Cuando me retiré de ella, completamente empapado, alcé el rostro buscando que el frescor de la lluvia apagara el ardor de mis ojos. Permanecí un buen rato en esa posición, hasta que unos brazos me rodearon por detrás. Ayleen se abrazó a mi espalda en silencio, todavía necesitada de mi contacto.
La tormenta amainó tras un último rugido y, de forma gradual, se extinguió dejando tras de sí un cielo sereno y silencioso.
—Márchate si es tu deseo. En verdad no tengo derecho a pedirte nada.
»Siempre has sido una víctima —añadió—, y yo…, aunque me duela el alma, te ayudaré a que eso cambie.
—Sí, ya es tiempo de ser verdugo de mi destino.
Alaister regresó dos días después con el contrato perfectamente redactado, ciñéndose punto por punto a mi propuesta.
Redacté la cláusula adjunta con las indicaciones precisas sobre el momento y el modo, tras haberlo meditado mucho:
De tal forma, una vez obre en mi poder el contrato firmado por el marqués de Argyll, se ejecutará al día siguiente de la entrega en el lugar denominado Neist Point, en Glendale, isla de Skye, también conocido como la «cola del dragón». La ejecución se llevará a cabo al alba. Mi muerte tendrá lugar al borde del acantilado, efectuada por un tiro en la espalda que me atravesará el corazón. Naturalmente, en presencia de los testigos que el marqués tenga a bien elegir. Por mi parte, estarán presentes Alaister y Ayleen MacNiall, y el abogado que redacta este contrato a efectos oficiales. Tras mi muerte, se les entregará a mis testigos el documento donde se concede la mencionada parcela de terreno solicitada en San Kilda a nombre de la beneficiaria, Cora Campbell, junto con todos los privilegios que requiero para ella.

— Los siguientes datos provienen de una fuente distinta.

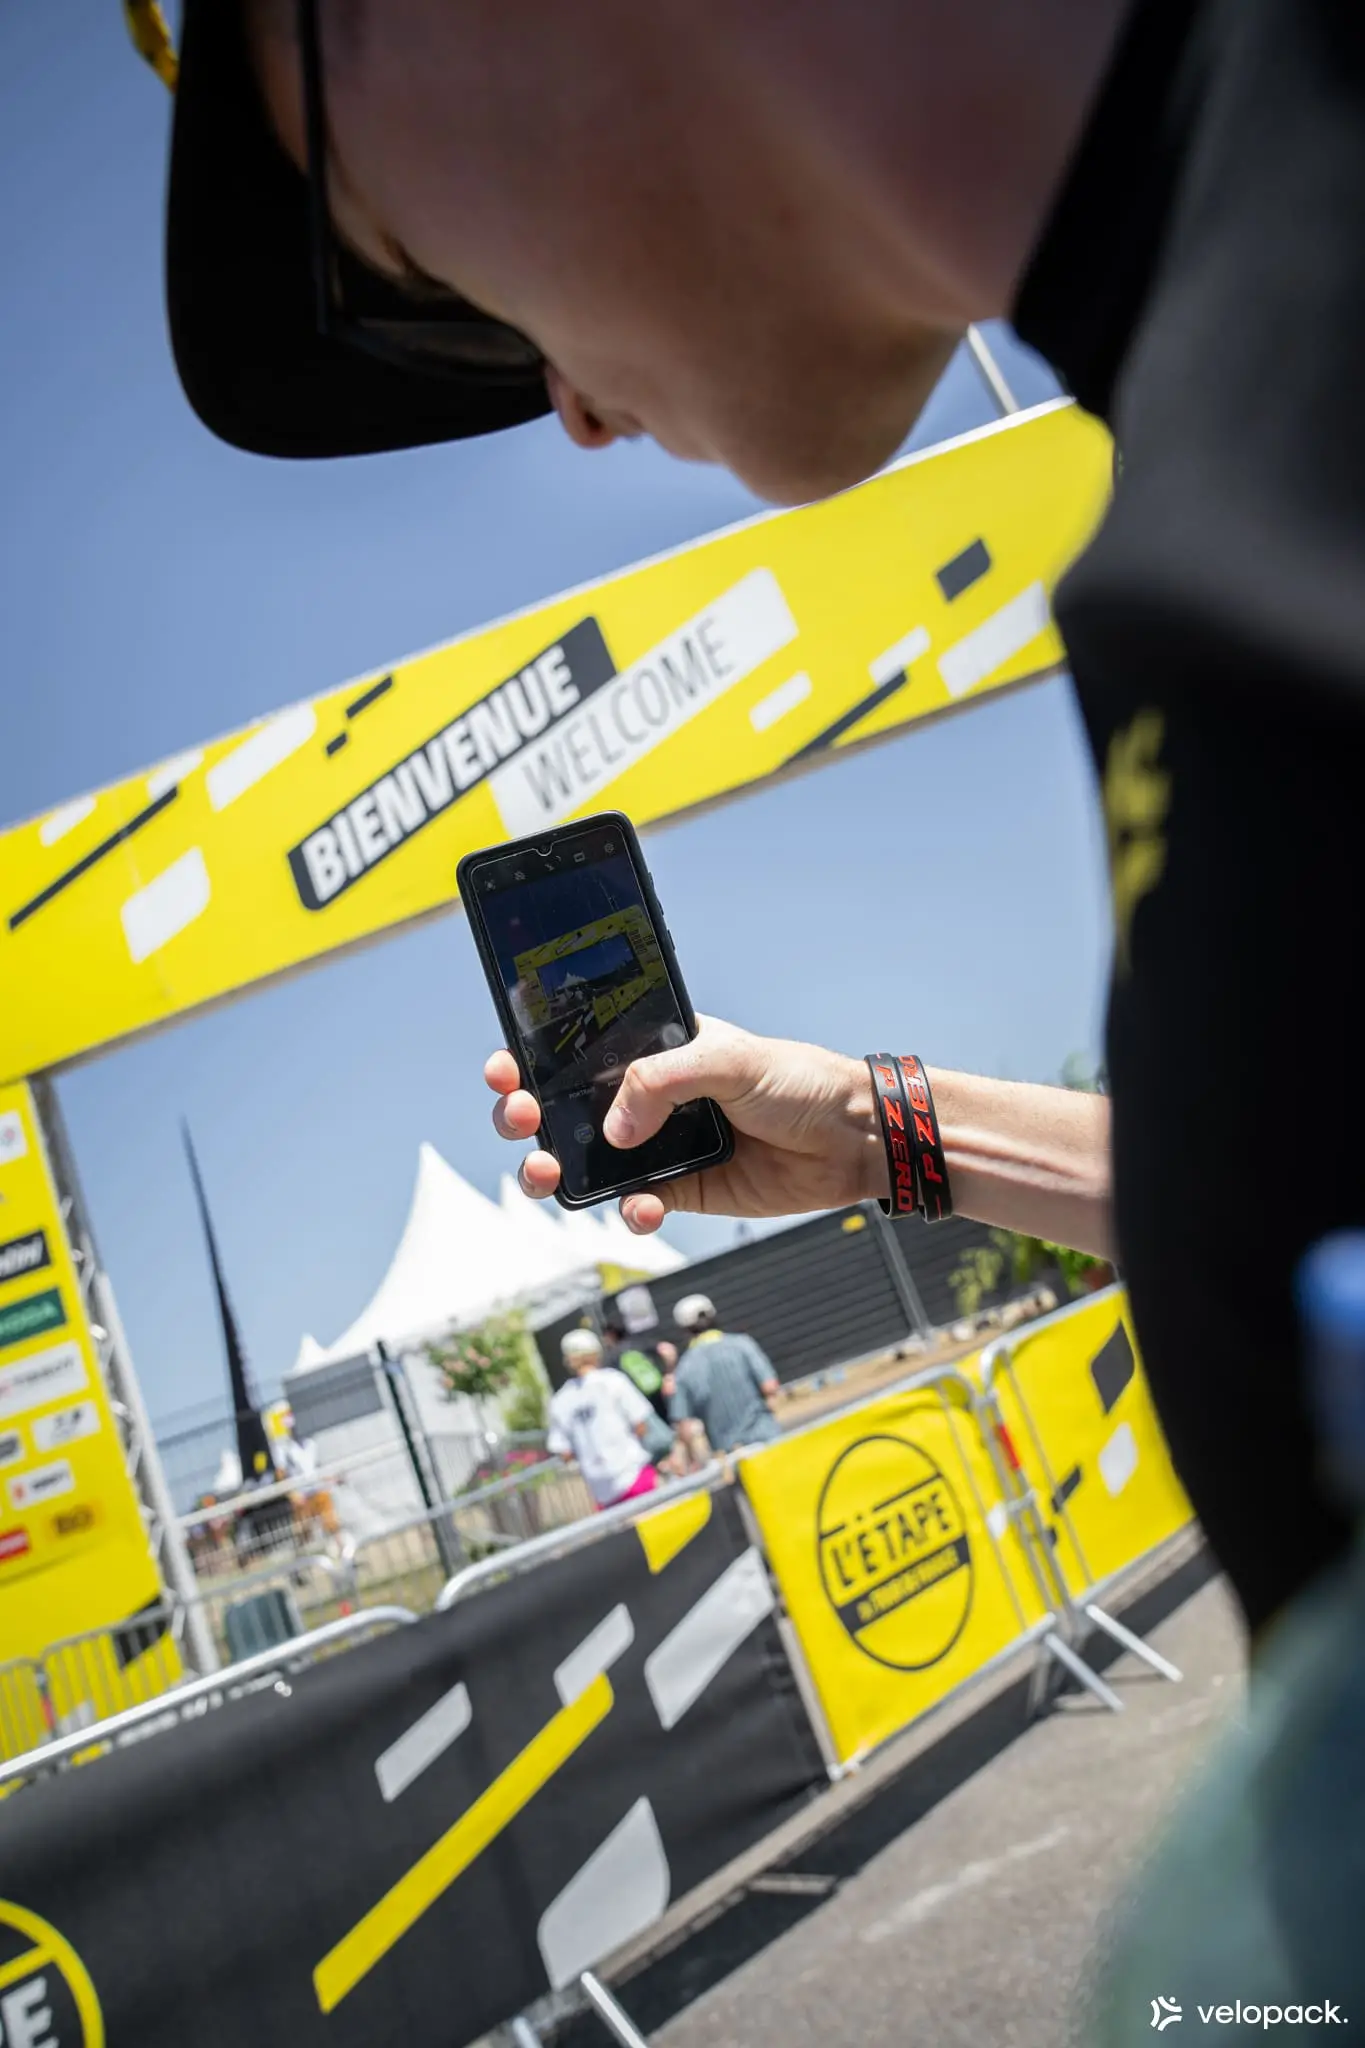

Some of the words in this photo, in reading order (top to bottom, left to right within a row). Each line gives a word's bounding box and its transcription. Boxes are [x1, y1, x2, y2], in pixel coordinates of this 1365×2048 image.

Ayleen ahogó un resuello emocionado y volvió la cabeza hacia otro lado.
—¿Qué ocurre si Cora lo rechaza? —planteó Alaister.
—Será mi deseo póstumo, y yo… confío en vosotros para que la cuidéis y logréis que entre en razón.
—¿No piensas despedirte de ella?
Había meditado mucho al respecto. Nada desearía más que volver a tenerla entre mis brazos por última vez. Sin embargo, supe que aquel encuentro sería demasiado duro para ambos. También cabía la posibilidad de verla el día anterior, sin confesarle lo que sucedería al siguiente, convencerla de que me esperara en San Kilda mientras me escondía de los ingleses, y así despedirme de ella camuflando la verdad en aquel adiós temporal.
No obstante, era posible que me derrumbara, que ella descubriera la verdad en mis ojos o que pudiera ponerla de alguna manera en peligro. Por otra parte, me aterraba que pudiera contemplar mi ejecución si alguien se iba de la lengua. La conmoción que sufriría podía malograr su embarazo, si en verdad esa posibilidad se cumplía.
Pensar en mi hijo imprimía en mí dos emociones igual de intensas: un férreo orgullo y una creciente amargura. Sería cuanto quedaría de mí en este mundo, y solo pedía una cosa para él: felicidad.
—No —decidí—. Ya le he hecho y le haré suficiente daño.
Alaister me contempló reprobador, manifestando su discrepancia con mi decisión.
—Por mucho que te empeñes en que te odie, nunca lo hará —murmuró Ayleen atribulada.
—Quiero que… —Perdí la voz un instante. Tragué saliva y, tras respirar hondo, agregué—: Quiero que le entreguéis una carta y unos objetos cuando le digáis la verdad.
Alaister asintió cabizbajo. Cogió la cláusula que le ofrecía y la introdujo en el mismo sobre del contrato, que ya había revisado dando mi conformidad y firmándolo al pie. Luego salió de la cabaña sin mirarme y sin pronunciar palabra.